In the Arbitrator’s view, the demands of the Union with respect to lump sum payments are not sufficiently substantiated in the case at hand. I must agree with the Company that maintenance of earnings provisions, a concept well established within the industry, are appropriate to mitigate the adverse consequences of any loss of earnings. The Arbitrator does not agree with the Company, however, that such protection should be limited to the term of the current collective agreement. While I accept that it is unrealistic to direct maintenance of earnings payments to adversely affected employees for an indefinite period, I am satisfied that a period longer than December 31, 2006 should be envisioned.
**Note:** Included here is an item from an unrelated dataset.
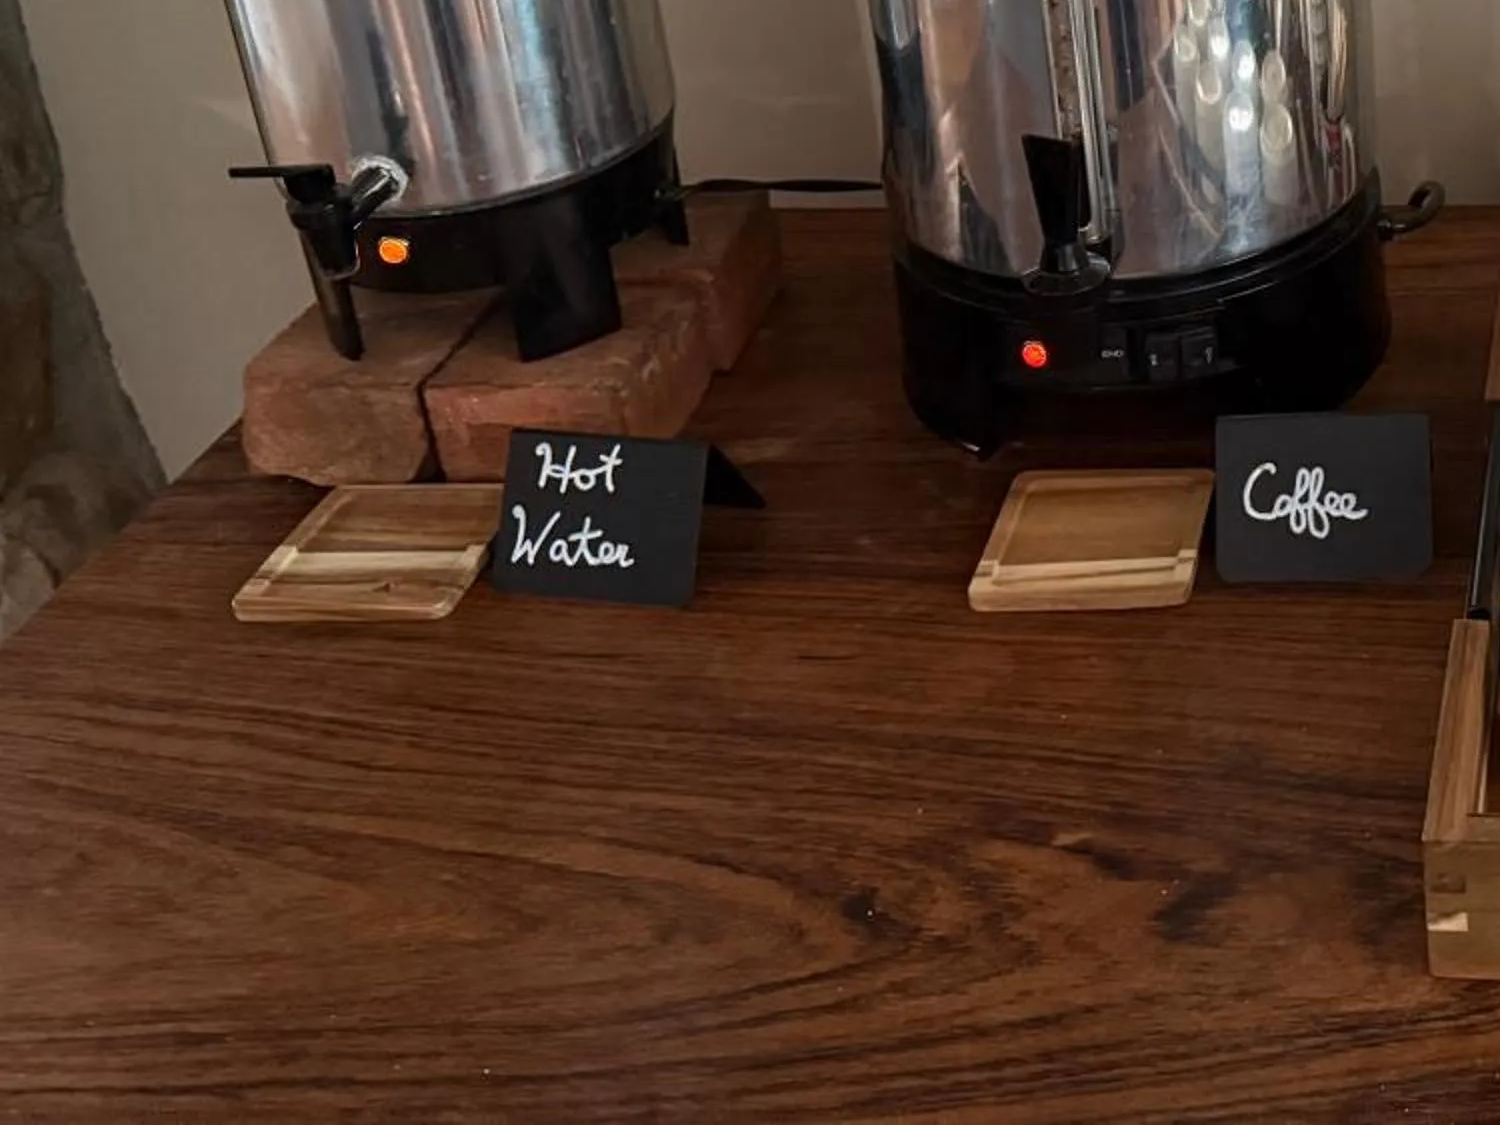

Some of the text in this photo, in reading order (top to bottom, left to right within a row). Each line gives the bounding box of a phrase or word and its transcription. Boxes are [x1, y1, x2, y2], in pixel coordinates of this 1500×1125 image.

[535, 442, 623, 494] Hot
[1243, 462, 1369, 540] Coffee
[511, 504, 635, 568] Water
In the circumstances, the Arbitrator considers it appropriate to direct that maintenance of earnings be provided to all adversely affected employees for a period calculated between the date of implementation of the material change until December 31, 2007 and thereafter only to the extent that a statutory freeze might apply.
I turn now to consider a number of proposals made by the Unions. The Unions propose language in respect of Article 3.2 with respect to the scheduling of the four (4) Train and Engine crews over a two week period on the Fort Nelson Subdivision. The Arbitrator notes that at the hearing the Company indicated that it could not accept the Unions’ proposal if its effect was to nullify the application of Article 127 of the UTU collective agreement by effectively creating a permanent assignment of crews. The Arbitrator considers the Employer’s position in that regard to be reasonable, considering that the Employer’s ability to bulletin assignments is a cornerstone management right under the collective agreement. In the result, the Arbitrator grants the Unions’ proposal for Article 3.2, save it shall be amended to contain clear language to indicate that it is subject to the continuing application of Article 127 of the collective agreement.
The Unions propose Article 3.3 which would continue the interim arrangement whereby the 16 hour deadhead payments between Fort St. John and Gutah are paid over and above the 80 hour guarantee for employees in both Unions. Given the overall provisions of this Award, as well as other terms agreed between the parties, I do not consider that it is appropriate to continue in effect the special incentive relating to deadhead payments which was part of the interim agreement intended to promote immediate implementation of the Company’s material change. For these reasons, the Unions’ request concerning Article 3.3 is denied. The Unions’ related demand expressed in Article 3.8 is likewise denied. The Arbitrator also agrees with the Company that the Unions’ proposal for reserving the right in the Company to incorporate mandatory rest time at Fort Nelson is unnecessary, given the Company’s existing ability to re-bulletin assignments under the provisions of Article 127 of the collective agreement.
Given the complexity of the submissions made by the parties, the Arbitrator retains jurisdiction to deal with any matter which may not be dealt with this Award, as well as to resolve any dispute between the parties concerning the interpretation or implementation of the Arbitrator’s Award.
Dated at Ottawa, this 8th day of September, 2005.